La celebración del Día de San Ignacio de Loyola en la IBERO Puebla representa más que un acto conmemorativo; es un llamado a renovar la vocación de transformar la realidad a través del servicio y la formación integral. Esta fecha retoma el legado del fundador de la Compañía de Jesús para inspirar una educación donde las personas y el compromiso social sean el eje central.
Según el Mtro. Conrado Zepeda Miramontes, SJ, integrante del Departamento de Ciencias Sociales y de la Consulta Jesuita, pertenecer a la comunidad ignaciana implica vivir los valores de cuidado humano, reconocimiento de la diversidad y búsqueda constante de justicia en todos los ámbitos universitarios. La educación ignaciana va más allá del conocimiento académico: busca generar experiencias que permitan a los estudiantes comprender la realidad y actuar para modificarla en beneficio del bien común.
El modelo educativo de la IBERO Puebla enfatiza la promoción de una vida coherente con el cuidado del medio ambiente y la dignidad de todas las personas, fomentando relaciones basadas en la justicia, solidaridad e inclusión. La generación de conocimiento adquiere su máximo sentido cuando se convierte en una herramienta para enfrentar problemas sociales, ambientales y humanos que impactan el contexto actual.

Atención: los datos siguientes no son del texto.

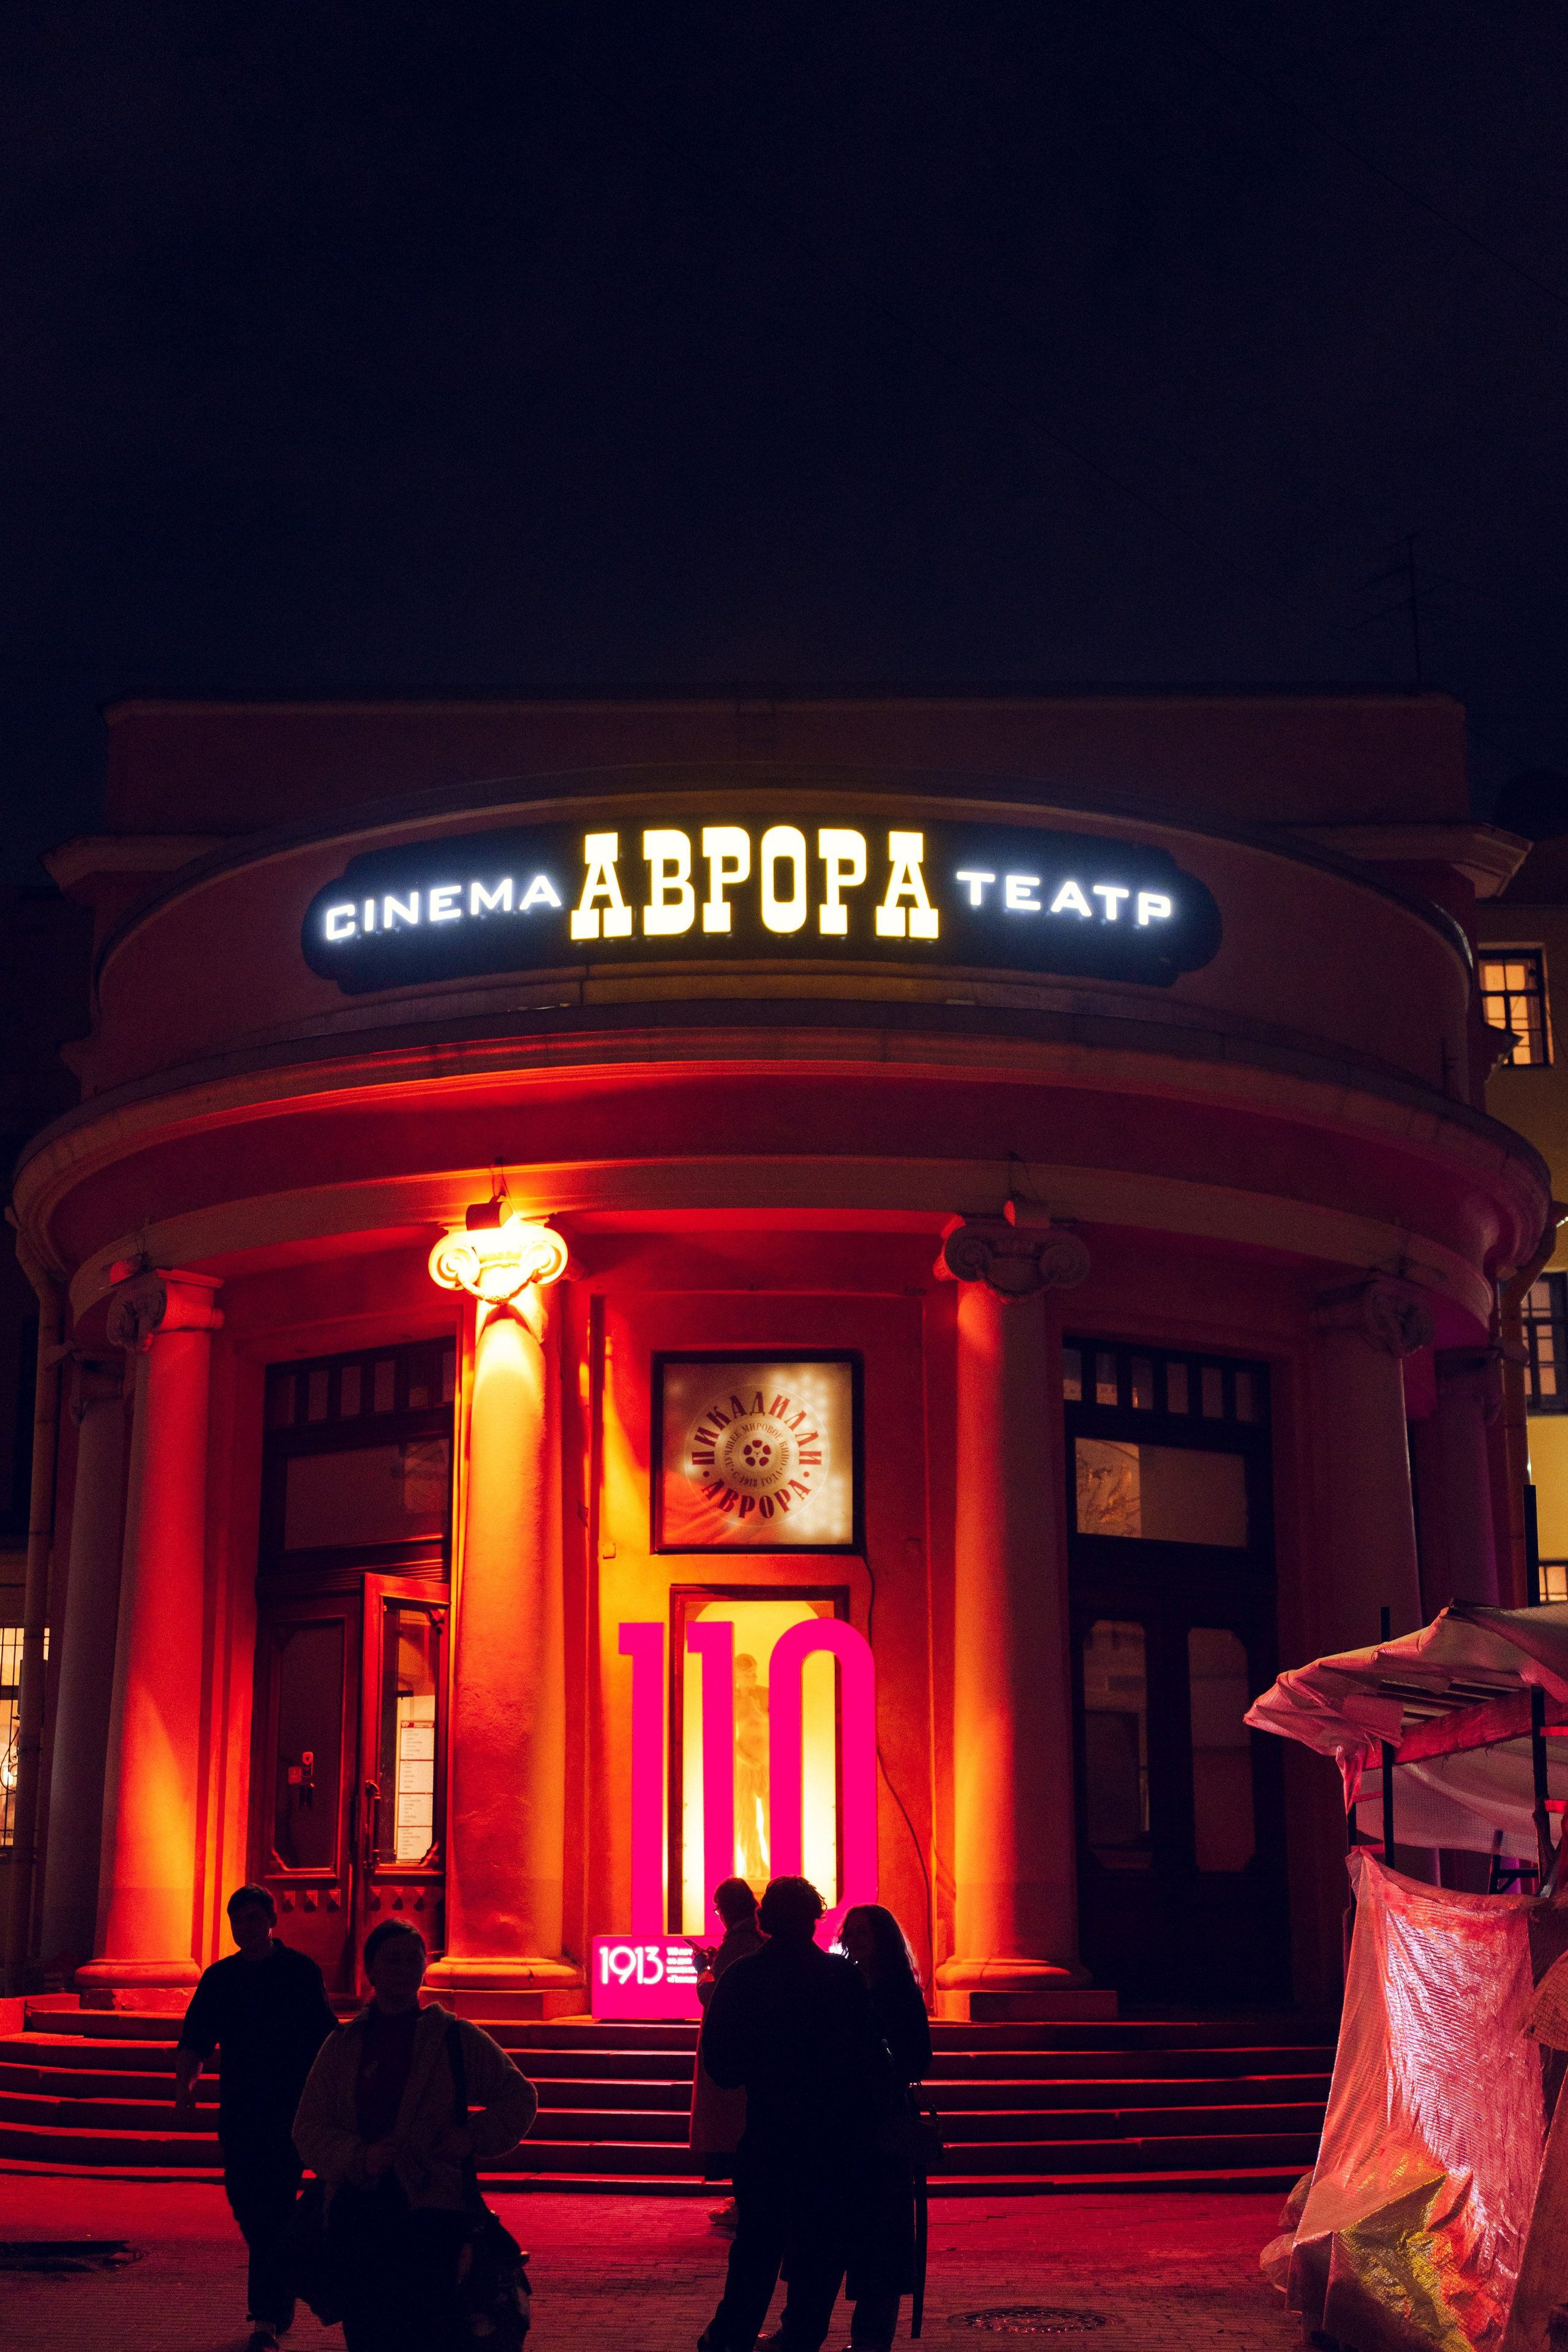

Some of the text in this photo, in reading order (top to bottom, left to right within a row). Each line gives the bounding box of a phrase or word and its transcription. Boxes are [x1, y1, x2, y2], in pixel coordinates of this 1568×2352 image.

Esta visión entiende la educación como un medio para formar ciudadanos responsables, capaces de servir a la comunidad y participar activamente en la transformación de un mundo marcado por la desigualdad y la exclusión. La conmemoración de San Ignacio de Loyola invita a reconocer la humanidad común y a fortalecer el compromiso con quienes han visto vulnerados sus derechos, alineando la misión universitaria con la construcción de una sociedad más digna y solidaria.